Beverly Robertson, executive director of the museum since 1997 and president of the board, explains that the state of Tennessee mandated an expansion of the board in its lease agreement with the museum. "One of the state's provisions is a 60 percent African-American representation on the board," Robertson says. "Another is to make sure that we have someone that represented labor, a historian or civil rights activist. We need to be able to do that and maintain a balance of people who wish to engage their companies and corporations in helping to advance this mission."
Robertson says that the board assessed the strengths of its current membership to determine what sort of members need to be added. "We need several things," she says. "We need people who represent different perspectives, whether its labor or the grass roots community. We need people who are fund-raisers, and we need educators who can figure out new ways to engage young people and build our programs. We need people with technological backgrounds to reach kids who download, iPod, Tivo, and podcast. If we're not doing those things, then our message isnt resonating. We need young people on the board as well."

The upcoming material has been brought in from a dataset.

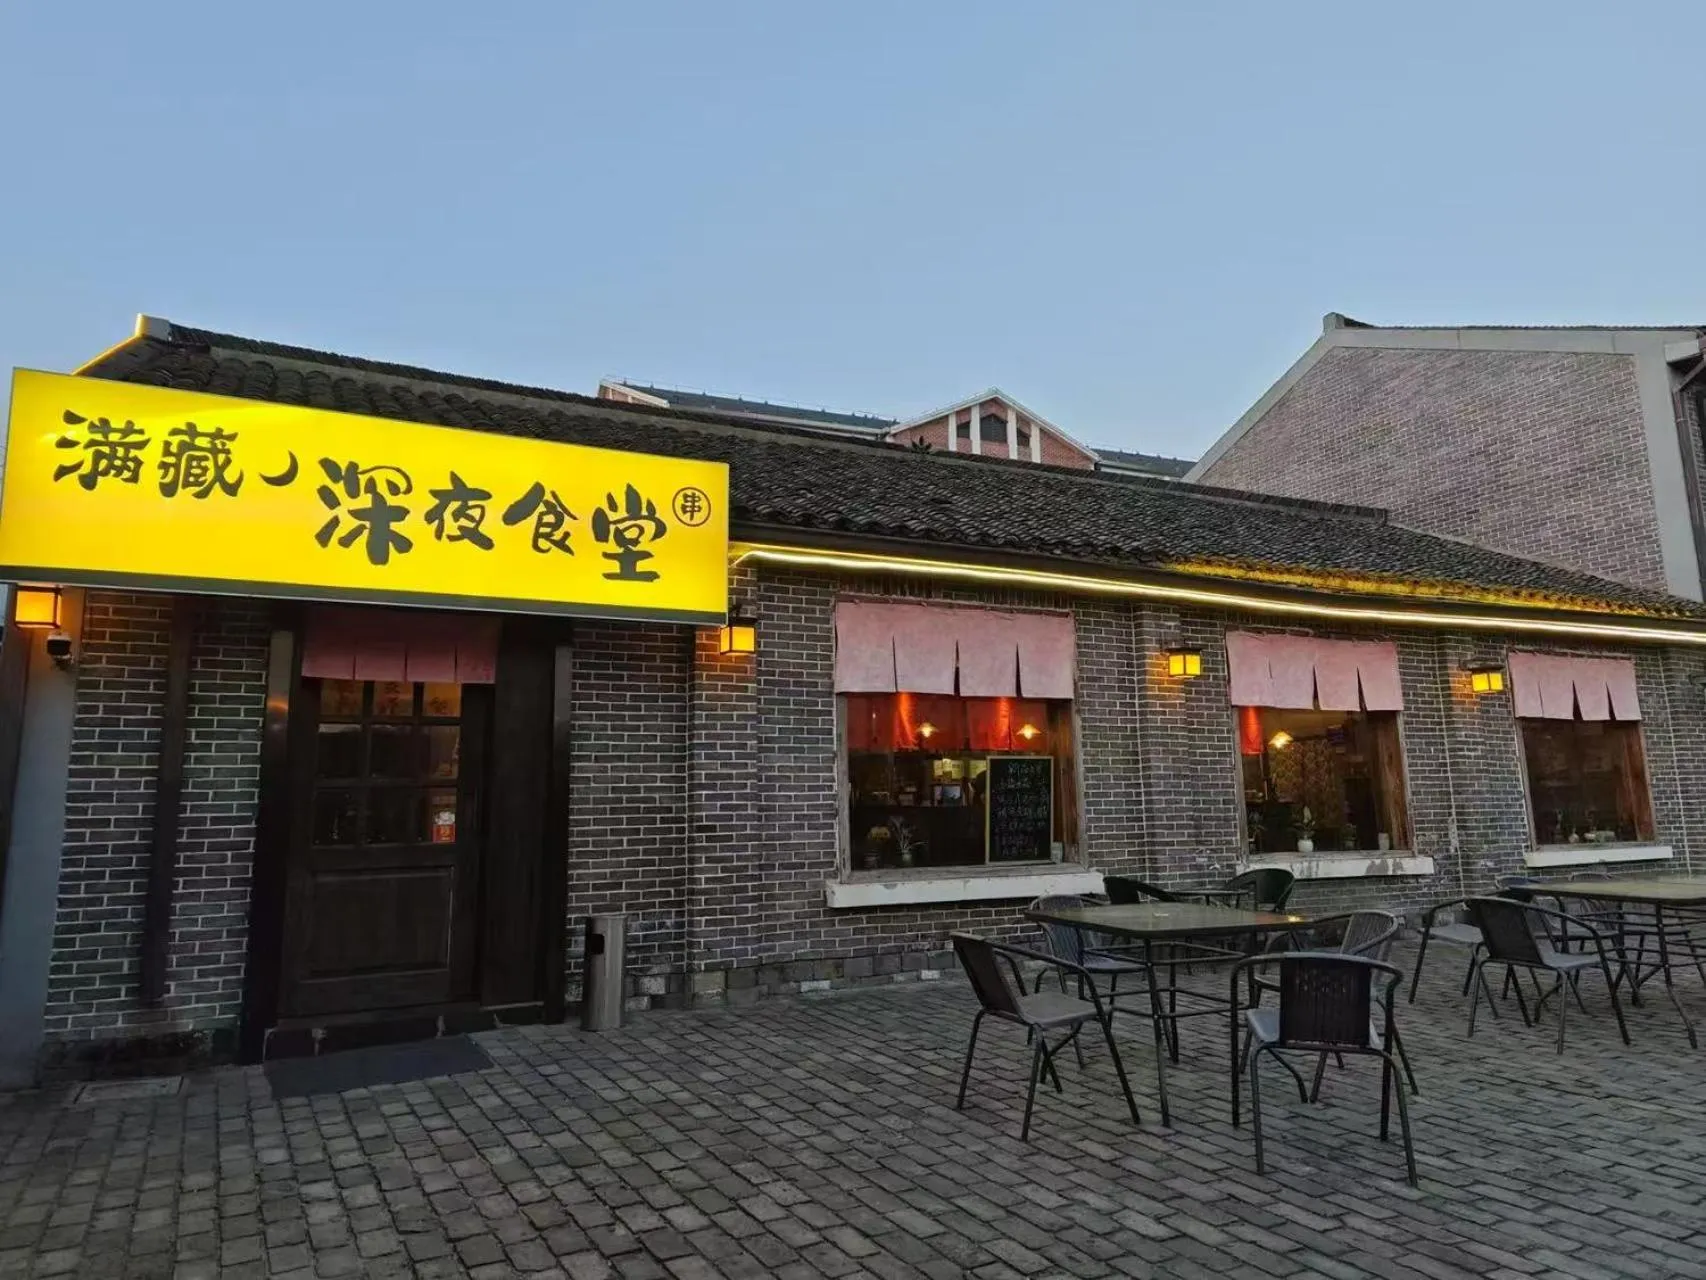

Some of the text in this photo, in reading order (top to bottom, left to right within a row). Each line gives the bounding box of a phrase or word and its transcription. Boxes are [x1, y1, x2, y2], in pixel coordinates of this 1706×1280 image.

"This Lorraine Motel site is important to the world not because of this board, but because it is where King died," Bailey wrote.
He accuses the board of operating secretly, ejecting black legislators from a recent meeting, and minimizing black participation. His letter says that the board rejected a proposal from labor leader Bill Lucy to add eight new members via a joint committee of board members and civil rights veterans. A second community group, the Lorraine Oversight Committee, requested input into the new board nominations as well, while the Arkansas Delta Truth and Justice Center submitted a list of recommended board nominees to the museum board.
Robertson says she welcomes the input from citizens and organizations alike. "Everybody should feel that they have a voice," she says. "I don't think weve been restrictive in the past. Board members reach out to people they know [for new members], but that's typical of every board."
In continuing his running critique of the board as too corporate, Bailey wrote, "During the civil rights movement we had white moneyed support but they weren't making the policy and strategy choices... The corporate and other well-to-do people who currently serve on the Museum Board are needed and welcome to raise money. However this doesn't qualify them to make the judgments on how our black history should be told... ."
Why doesn't he count Ben Hooks or Billy Kyles as civil rights representatives?" Robertson asks. "Maybe in the process of keeping the lights on and the doors open here, we haven't scanned the external environment as much as we needed to. That's not to stay that we don't welcome people volunteering or putting names in the hat. In the long run we'll be better off for it. I find it so interesting that people think we're fighting this. We're not."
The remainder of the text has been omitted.